Négociation sur les retraites complémentaires: les cadres dans le viseur

[Communiqué de l’Ugict-CGT]

Ce mercredi 8 novembre se tenait la première séance de négociations sur les retraites complémentaires AGIRC-ARRCO. La seconde (et peut être dernière) est prévue le 17 novembre. Alors que la fusion des régimes de retraite complémentaire des cadres (AGIRC) et des non cadres (ARRCO) a été décidée en 2015, la négociation vise à définir les paramètres de fonctionnement du régime. Alors que le MEDEF vise à en faire une question technique, il s’agit d’une négociation déterminante pour les salarié.es.

En effet :

  • Les retraites complémentaires assurent 54 % du montant de la retraite des cadres et 25 % de celle des autres salarié.es.
  • La Garantie Minimale de Points (GMP) qui permettait par une cotisation supplémentaire d’améliorer le montant de la retraite des cadres payé.es autour du plafond de la sécurité sociale est supprimée.
  • L’affiliation à l’AGIRC est ce qui définissait le statut cadre. En l’absence de nouveau système contraignant lié à la qualification et au contenu de responsabilités exercées, cette définition serait renvoyée à l’arbitraire patronal. L’UGICT réitère sa demande d’ouverture immédiate de la négociation (pourtant prévue depuis 2 ans) sur la définition du statut de l’encadrement.

Le MEDEF refuse d’augmenter les ressources du régime et veut faire reposer l’équilibre du régime sur des reculs de droits pour les salarié.es et les retraité.es. Les études techniques réalisées par les services techniques de l’AGIRC et de l’ARRCO démontrent que cela pourrait signifier une baisse de 9 % du montant des pensions, y compris de celles des pensions déjà liquidées.

Pourtant, les propositions portées par la CGT et son UGICT et chiffrées par les services de l’AGIRC et de l’ARRCO démontrent que le financement du régime pourrait très facilement être assuré par :

  • La mise à contribution de l’ensemble de la rémunération des cadres (intéressement, participation…) et l’application d’un même taux de cotisation à l’ensemble du salaire (aujourd’hui on cotise moins sur le salaire au-dessus du plafond de la sécurité sociale).
  • Une contribution additionnelle transitoire payée par les entreprises dans lesquelles l’égalité salariale femmes/hommes n’est pas effective.
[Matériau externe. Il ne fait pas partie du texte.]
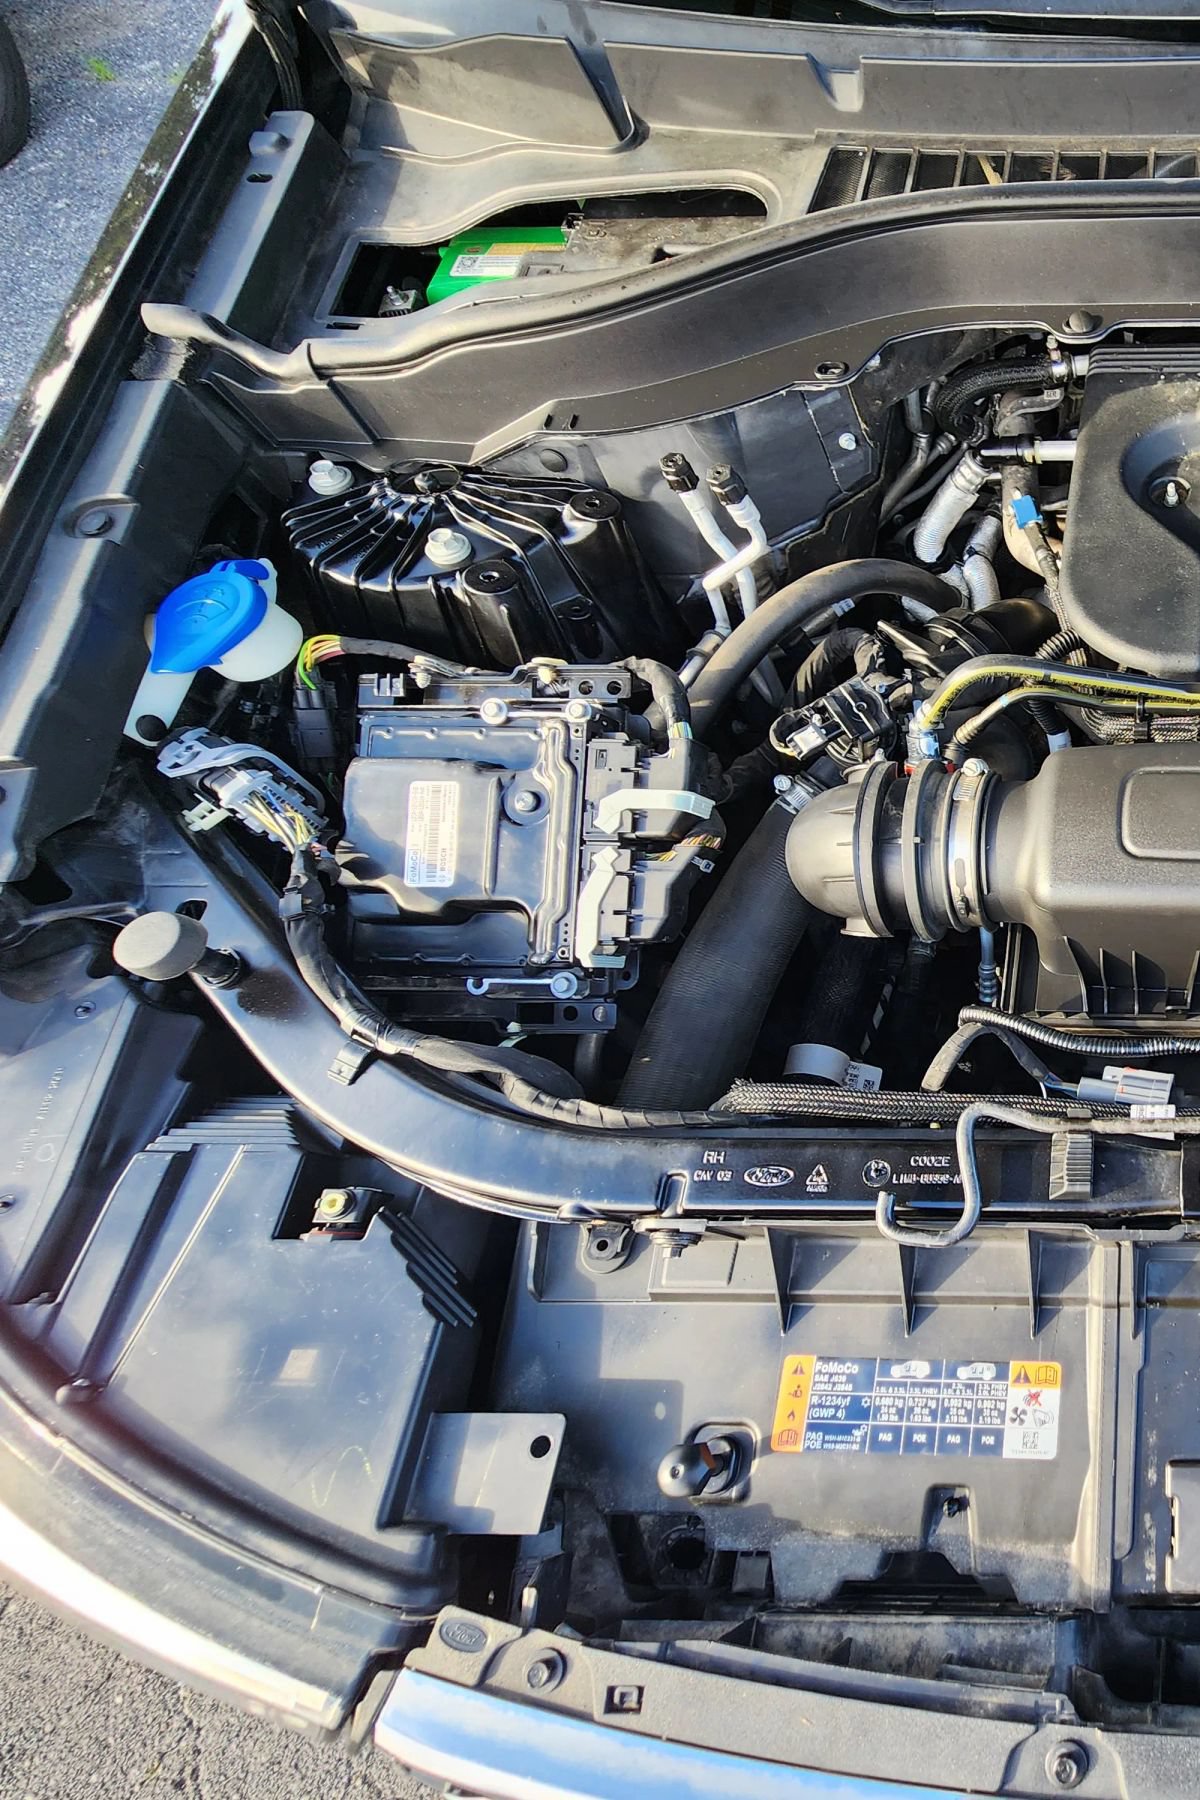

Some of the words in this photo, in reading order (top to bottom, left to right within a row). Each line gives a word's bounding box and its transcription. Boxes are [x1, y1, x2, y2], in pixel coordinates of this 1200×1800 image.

[409, 850, 419, 883] FoMoCo
[702, 1150, 725, 1164] RH
[815, 1361, 859, 1374] FoMoCo
[814, 1374, 830, 1382] SAE
[810, 1395, 851, 1407] R-1234yf
[894, 1398, 903, 1408] kg
[927, 1399, 936, 1409] kg
[963, 1399, 972, 1410] kg
[996, 1400, 1006, 1411] kg
[809, 1407, 835, 1419] (GWP
[836, 1408, 846, 1420] 4)
[805, 1431, 823, 1440] PAG
[878, 1432, 893, 1442] PAG
[912, 1433, 927, 1443] POE
[946, 1434, 961, 1444] PAG
[981, 1435, 995, 1445] POE
[804, 1440, 823, 1449] POE
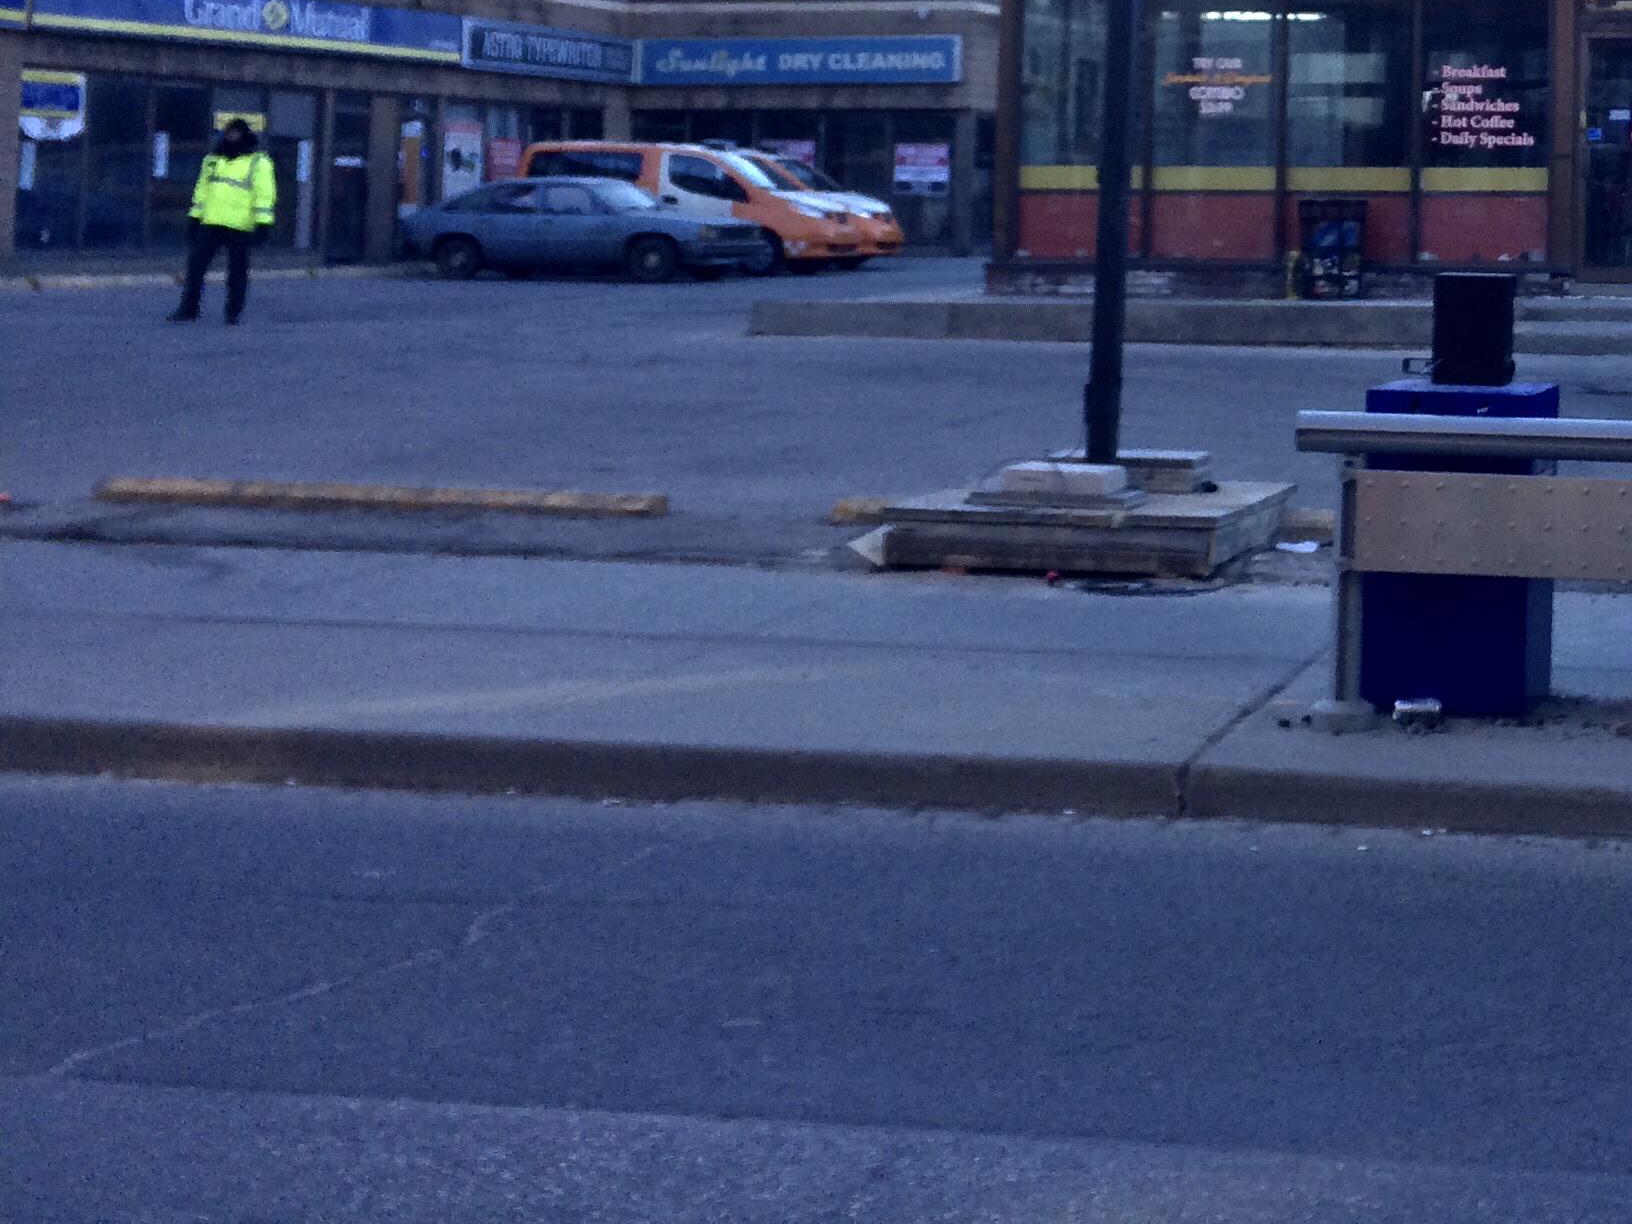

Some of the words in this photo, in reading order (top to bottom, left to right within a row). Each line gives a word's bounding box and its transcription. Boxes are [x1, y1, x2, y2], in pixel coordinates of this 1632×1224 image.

[777, 52, 823, 72] DRY
[826, 51, 946, 72] CLEANING
[1442, 64, 1507, 78] Breakfast
[1441, 81, 1483, 99] Soups
[1441, 97, 1520, 112] Sandwiches
[1441, 115, 1468, 128] Hot
[1470, 115, 1515, 128] Coffee
[1440, 131, 1478, 148] Daily
[1479, 132, 1535, 148] Specials
En organisant ces négociations dans l’opacité et à la hussarde, le MEDEF cherche à en occulter la portée. L’enjeu : imposer des baisses de droits, et préfigurer ainsi la réforme du régime général annoncée par le gouvernement  pour début 2018.

La CGT et son UGICT feront toute la transparence sur le contenu de ces négociations pour permettre aux salarié.es d’avoir leur mot à dire.